Abduljabbar Aburas
07 Avril 2021•Mise à jour: 08 Avril 2021
AA/Moscou
La Maison Blanche a tenu le gouvernement russe pour responsable de la santé du dissident Alexeï Navalny et a exigé sa libération, rapporte la chaîne américaine Al-Hurra, mercredi, citant la porte-parole de la Maison Blanche Jen Psaki.
Il est à noter que la police russe a arrêté, mardi, un certain nombre de partisans de l'opposant Navalny, qui avait entamé une grève de la faim, dans sa prison, dans la capitale, Moscou, en raison de l’absence d’accès à des soins médicaux suffisants.
Par ailleurs, Psaki a estimé que les pourparlers qui ont eu lieu, mardi, dans la capitale autrichienne, Vienne, au sujet de l'accord nucléaire, "ne sont qu'un premier pas constructif sur la voie diplomatique dans les relations avec l'Iran".
Mardi, le coup d’envoi des négociations a été donné à Vienne pour relancer l'accord nucléaire entre l'Iran, les États-Unis, le Royaume-Uni, la France, la Chine, la Russie et l'Allemagne, après le retrait de l'administration de l'ancien Président américain Donald Trump, en 2018 de cet accord, et l'imposition de sanctions économiques à Téhéran.
Les négociations visent à ramener les États-Unis dans l'accord nucléaire et obliger l'Iran à respecter ses propres engagements prévus dans l'accord de 2015.

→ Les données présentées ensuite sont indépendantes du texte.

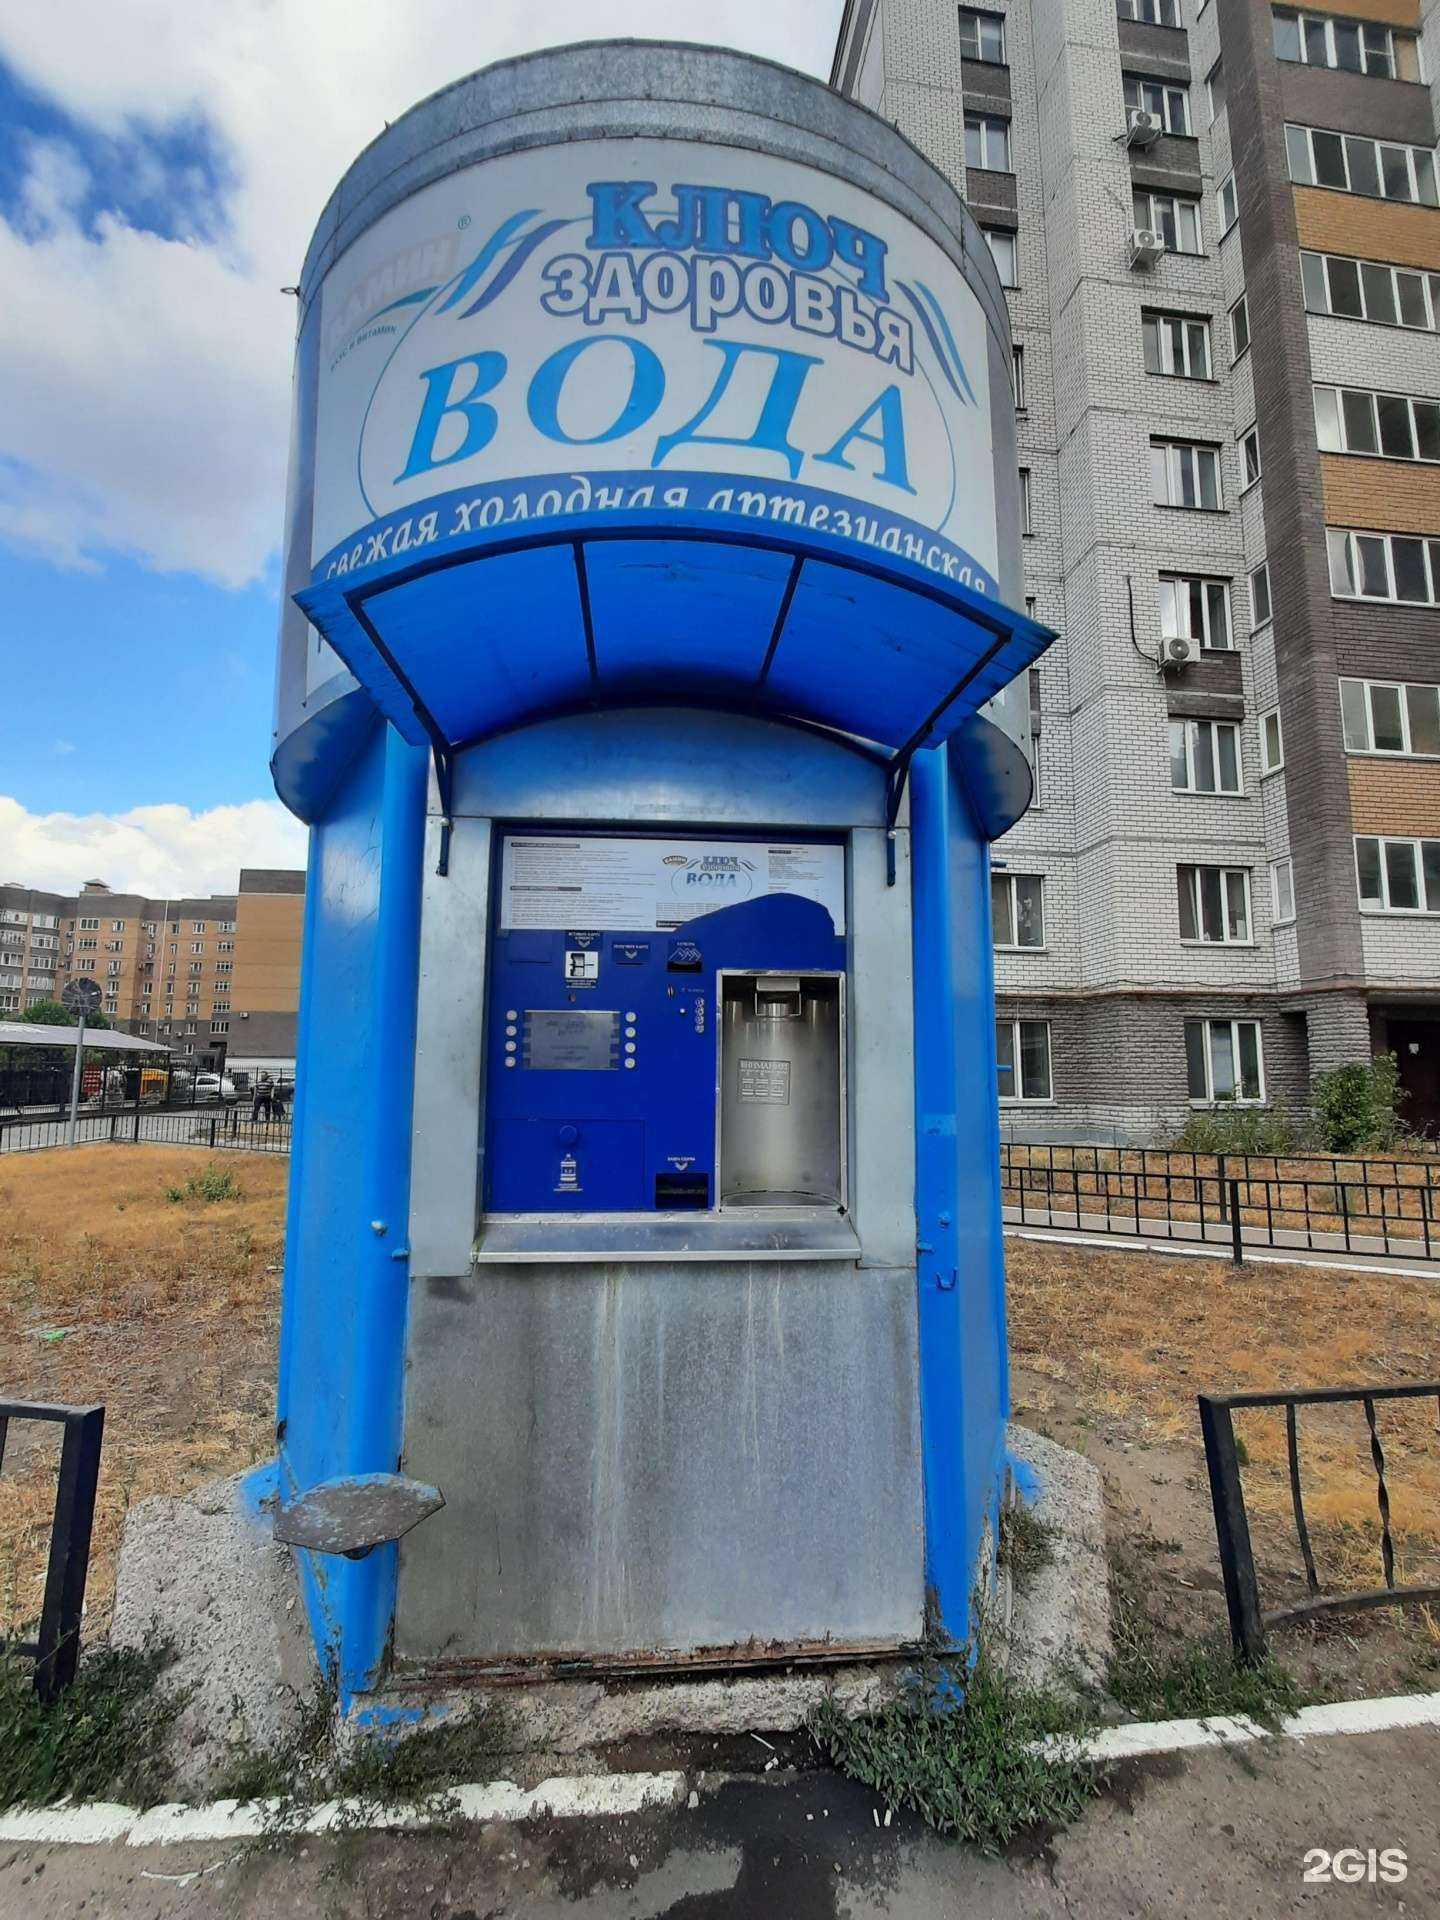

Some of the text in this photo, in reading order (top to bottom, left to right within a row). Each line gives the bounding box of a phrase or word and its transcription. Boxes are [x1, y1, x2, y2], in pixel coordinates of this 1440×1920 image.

L'Iran avait officiellement commencé à enrichir de l'uranium à un taux de 20%, dépassant ainsi le taux autorisé dans le cadre de l'accord nucléaire à savoir 3,67%.
En mai 2018, Washington s'est retiré de l'accord nucléaire signé en 2015 entre l'Iran et le groupe 5 + 1, qui comprend la Russie, le Royaume-Uni, la Chine, les États-Unis, la France et l'Allemagne, et a imposé des sanctions économiques à Téhéran.
L'Iran nie le développement d’armes nucléaires et insiste sur la nature pacifique de son programme.